It’s just hair isn’t it?

Going natural isn’t always the natural choice for some.

Last week, 3rd Degree, a current affairs program on South Africa’s etv channel dealt with the topic of hair, in particular black women’s hair and how for a long time black women have been taught to subscribe to Eurocentric views of what counts as beautiful hair.

I missed that particular episode of 3rd Degree but as a reader of many blogs and internet articles, I have come to realise that this is not just an issue of hair. To see where the issue of hair ranks in terms of importance, one blog suggested that I go to and begin typing the words, “Why do black women…” The top four most popular searches Google offers that begin with that phrase are:

• Why do black women love white men

• Why do black women wear weaves

• Why do black women have bigger bums

• Why do black women like white men

Like the blogger who wrote that article, I also watched Chris Rock’s documentary, “Good Hair.” The documentary featured Meagan Good, Nia Long, Tracie Thomas, Lauren London and other beautiful black women (In my book these sisters would be hot even if they were bald but that’s just me).

These ladies offered their thoughts on Black women’s hair. What surprised me is that even though these ladies are beautiful they all seemed to share the commonly held opinion that natural hair is not as attractive on a black woman as relaxed hair (chemically treated hair) or a weave.

One quote that stood out for me is Nia Long’s joke that she actually chooses to be on top during sex because she doesn’t want to ruin her weave. Lauren London and Meagan Good spoke about not allowing their hair to get wet or a man to run his fingers through it.

I found Tracie Thomas’ realization that wearing natural hair for a black woman is considered revolutionary and different, very profound and a good indicator of how the issue of hair is inextricably linked with issues of identity and one’s perception of beauty. Although this doccie featured Americans their views on black hair mirror the views of some people in Africa.

Even in South Africa, especially in the corporate environment women sporting the natural look or men with natural dreadlocks are in the minority.

I am of the opinion that women (black or white) who spend large amounts of money on making themselves look anything but natural are actually admitting to the world that they do not like themselves as they are. This applies to hair, breasts plastic surgery etc. If they were happy they would not be doing anything to themselves would they? In the same way that a guy who gets a haircut is not happy with the way he looks.
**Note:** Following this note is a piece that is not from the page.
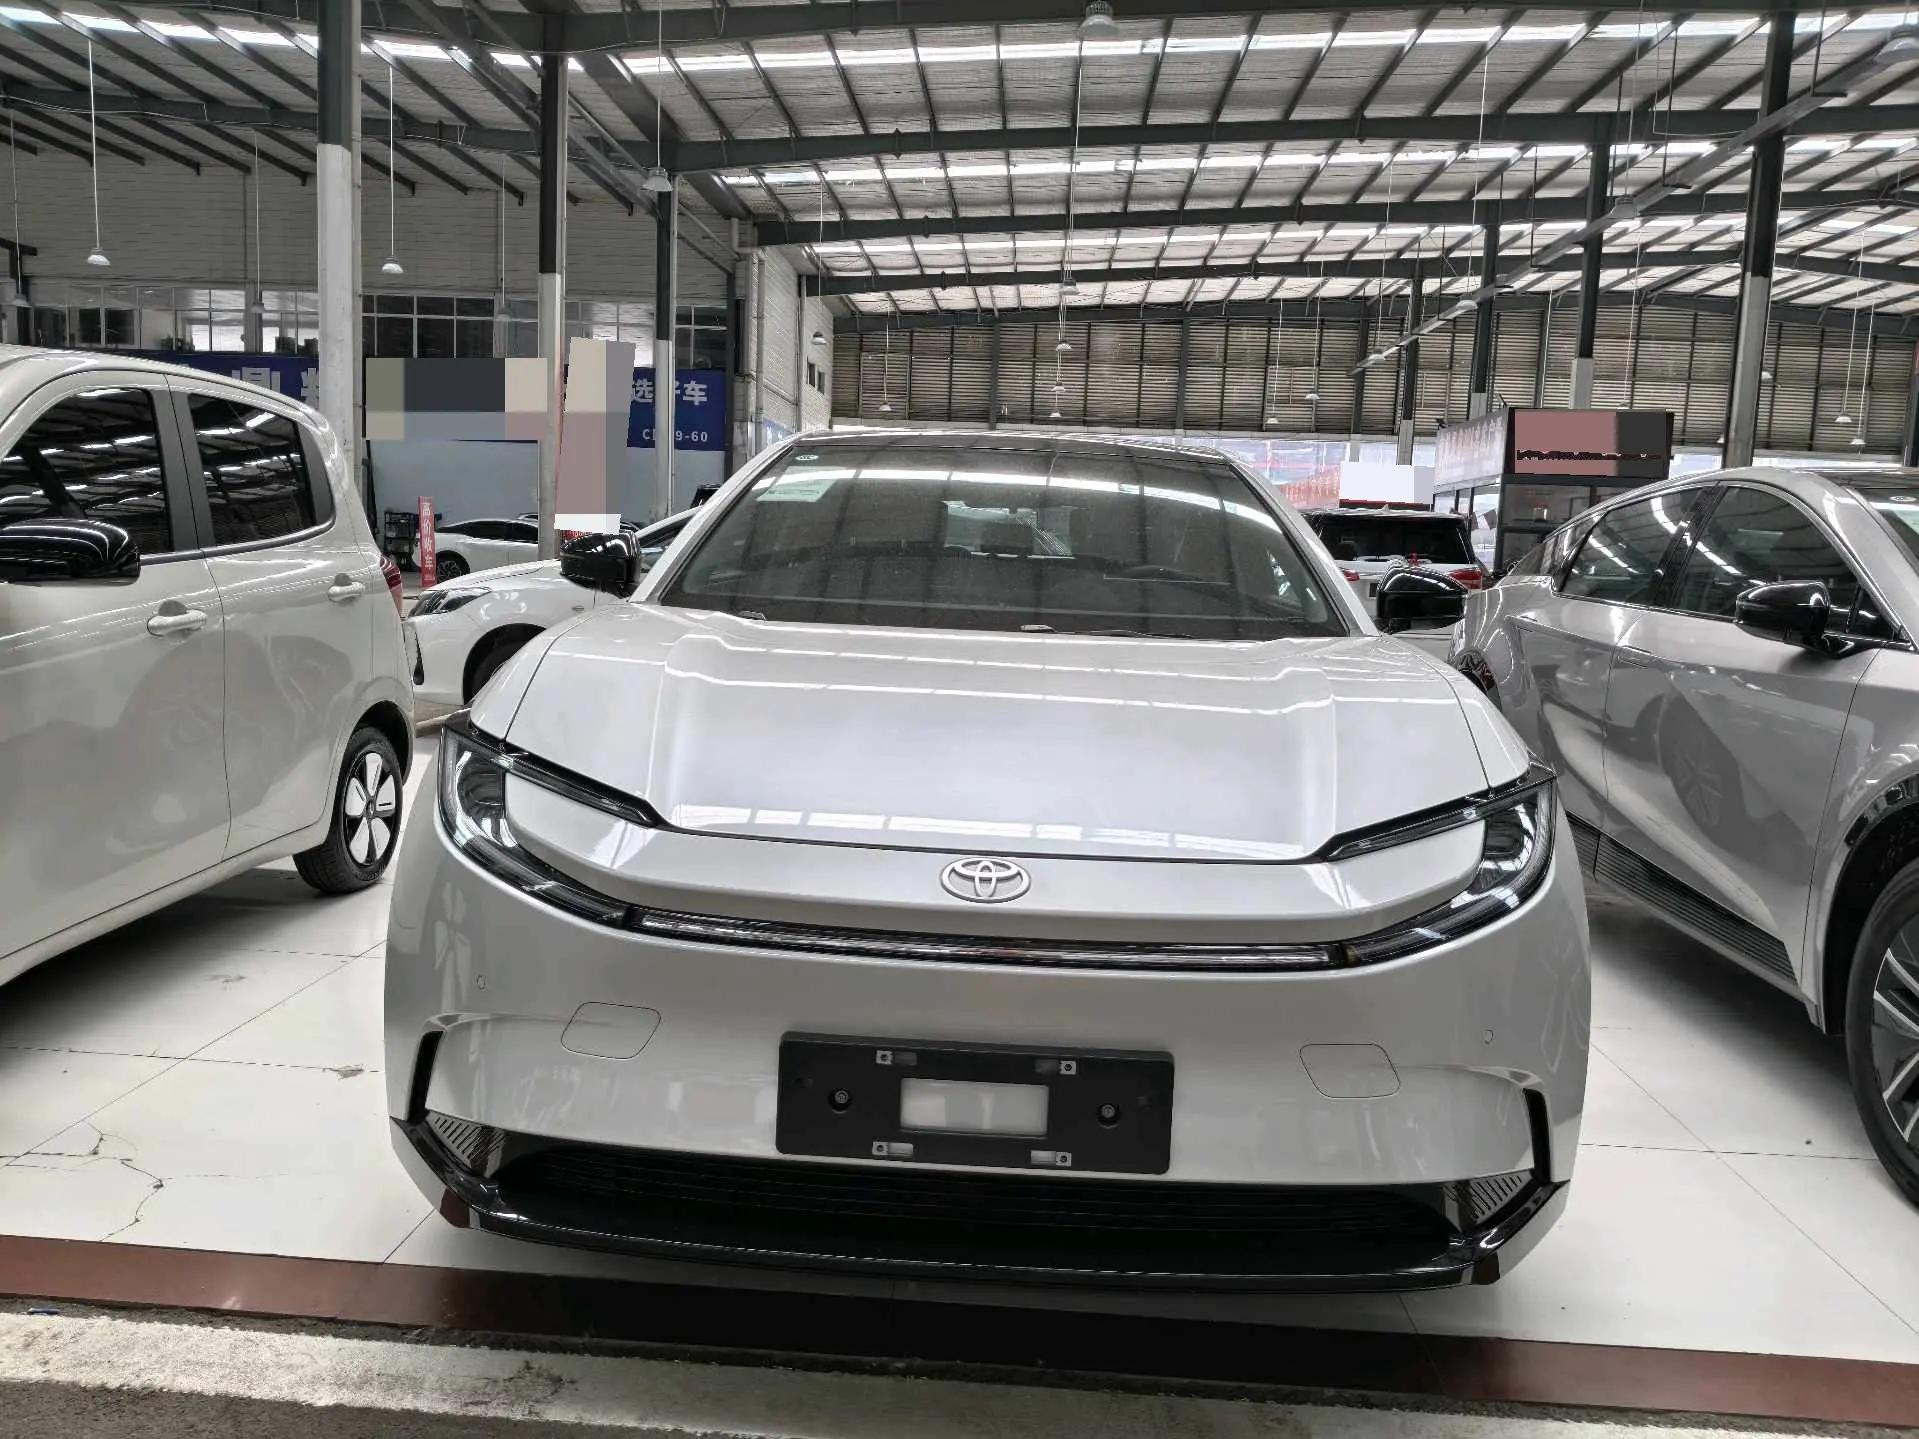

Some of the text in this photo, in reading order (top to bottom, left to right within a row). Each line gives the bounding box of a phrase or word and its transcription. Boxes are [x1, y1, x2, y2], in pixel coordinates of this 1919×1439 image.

[642, 428, 708, 442] C9-60
[422, 502, 434, 570] 高价收车
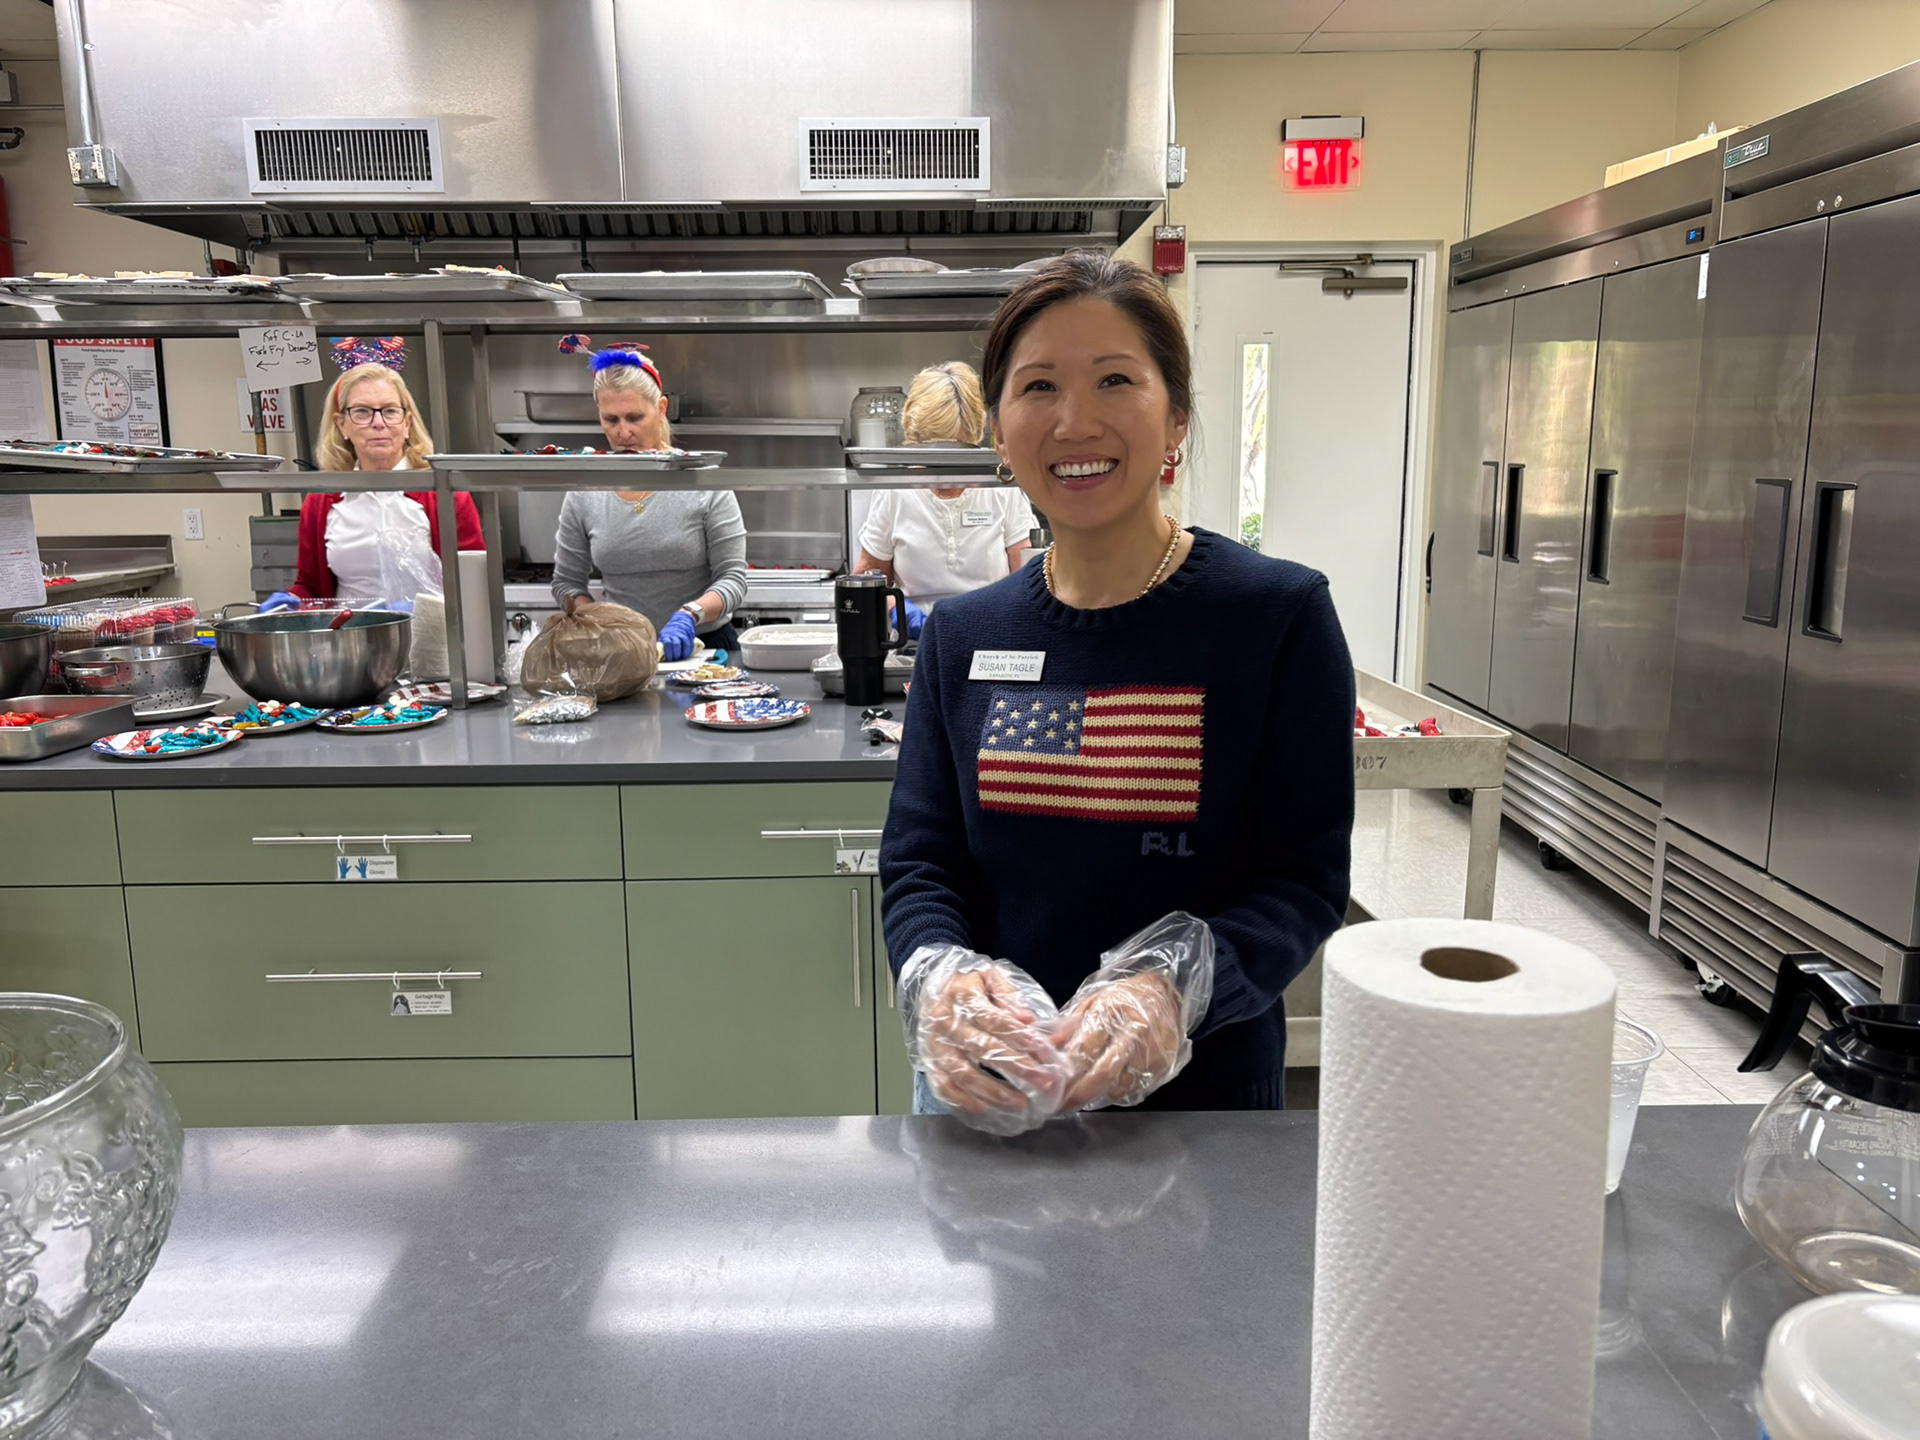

Whether you agree or not, by relaxing your hair, by wearing a weave or going under the knife, there is an inferred admittance that you are not as good-looking in your natural state. When it comes to hair, the comparison with European women/Indian women (and others) or western ideals of beauty invariably comes up because Europeans’ and other peoples’ hair is much straighter naturally than black peoples’ hair and weaves very often resemble these peoples’ hair in terms of texture, feel and appearance.

To be honest I would not like not knowing what my girlfriend’s natural hair looks like (there are some brothers out there who don’t know). I would not want my wife to interrupt an intimate moment because I might just move her weave out of place.

Gentlemen, as an aside, if ever you meet a black woman and she asks you how her weave looks this is what you should do if you want to be on her good side:

Look her straight in the face with a serious look about you while lightly (very lightly touching her hair because trust me you don’t want to pull the damn thing off) and say “Weave? You’re wearing a weave? Really? You don’t say! She’ll be so impressed that you think her beautiful weave is her real hair she will have no choice but to marry you.

It bothers me that even little girls think that they are not beautiful unless their hair is relaxed. I’m not saying that extensions and chemicals don’t make our sisters look attractive or they are wrong; I’m just saying that it bothers me that words like unkempt, untidy and inappropriate are used when black people decide to leave their hair in its natural state.

But what do I know? After all, I’m just a guy who studied sociology, media and culture studies.


Author: norushinafrica

Here in Africa., "culture is not that delicious panacea which we consume in a sacramental mental space and which has its own special columns in the newspapers -- and in people's minds. Culture is space, speed, cinema, technology..." - Jean Baudrillard (Sociologist and philosopher)

2 thoughts on “It’s just hair isn’t it?”

  1. To weave or not to weave? That is the question Berkia. The subject of black women’s hair is unbeweaveably tricky and beweave me when I say that as a man it is best to accept our women with or without weave because in all honesty black is beautiful.